[Dataset items]
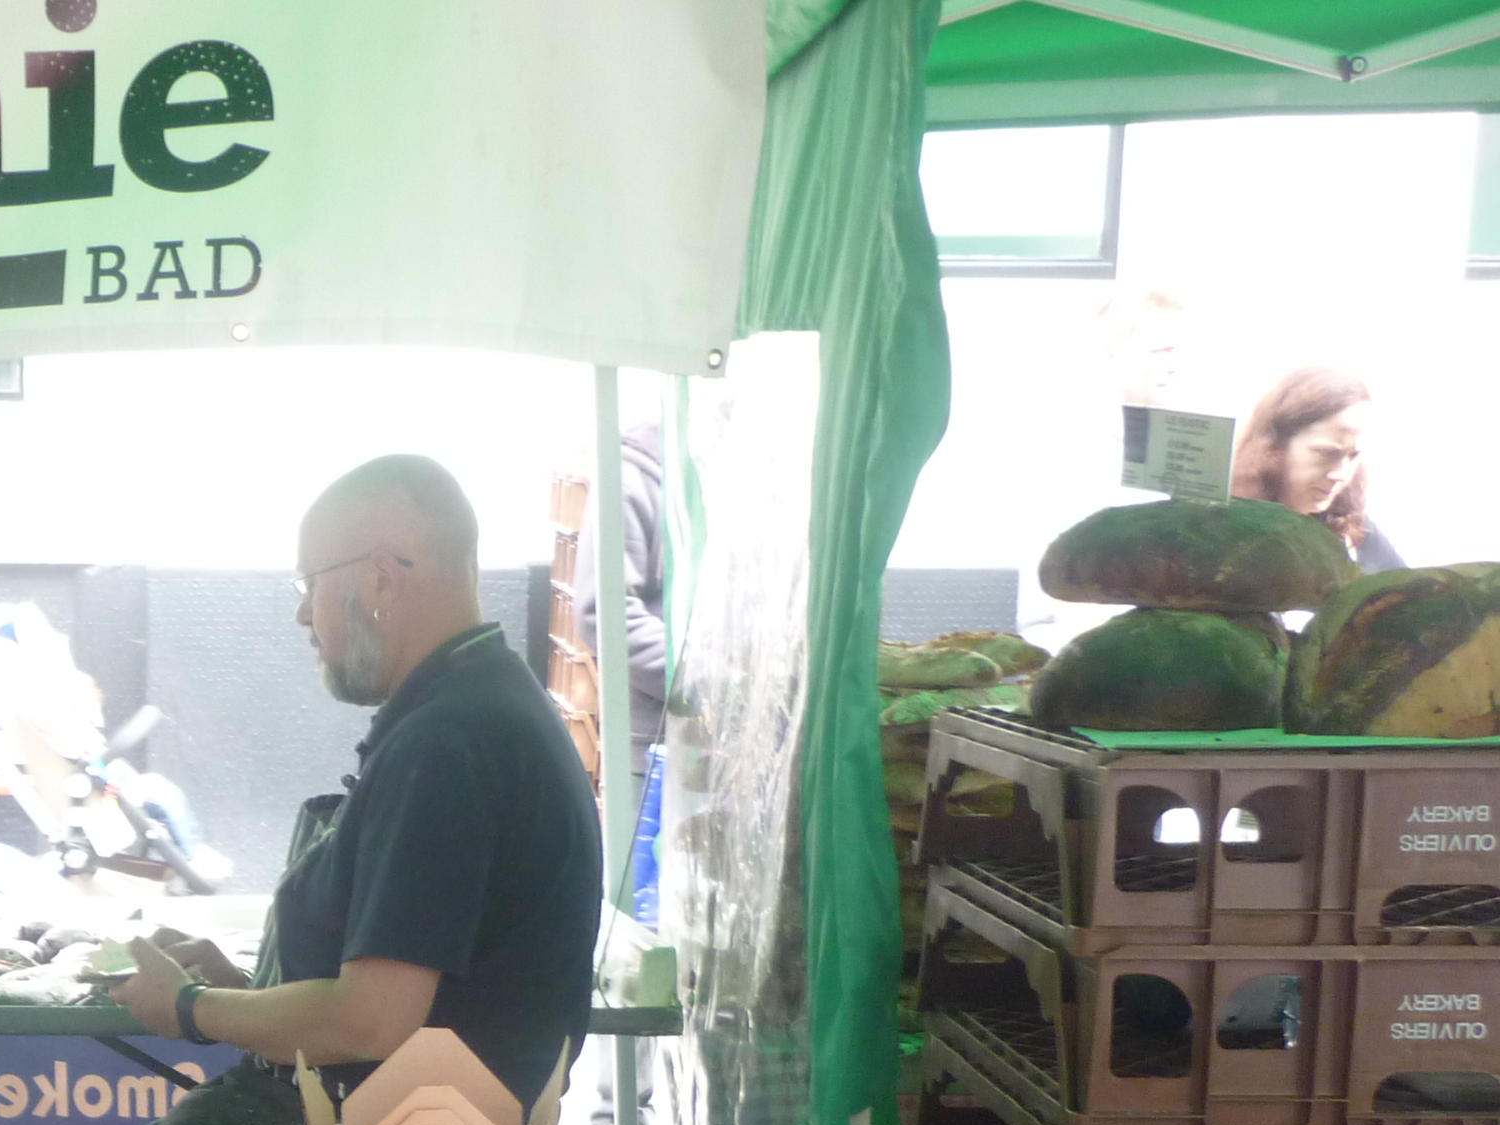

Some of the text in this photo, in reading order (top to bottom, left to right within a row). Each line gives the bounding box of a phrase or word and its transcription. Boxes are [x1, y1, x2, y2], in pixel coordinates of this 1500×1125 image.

[83, 236, 262, 304] BAD
[1406, 805, 1491, 822] BAKERY
[1399, 833, 1497, 852] OLIVIERS
[1396, 993, 1482, 1011] BAKERY
[1389, 1022, 1487, 1040] OLIVIERS

Work request:
The records above must be retyped exactly. Please omit the pictures.

Reply:
Some of the text in this photo, in reading order (top to bottom, left to right within a row). Each line gives the bounding box of a phrase or word and its transcription. Boxes are [x1, y1, x2, y2], in pixel coordinates of this 1500×1125 image.

[83, 236, 262, 304] BAD
[1406, 805, 1491, 822] BAKERY
[1399, 833, 1497, 852] OLIVIERS
[1396, 993, 1482, 1011] BAKERY
[1389, 1022, 1487, 1040] OLIVIERS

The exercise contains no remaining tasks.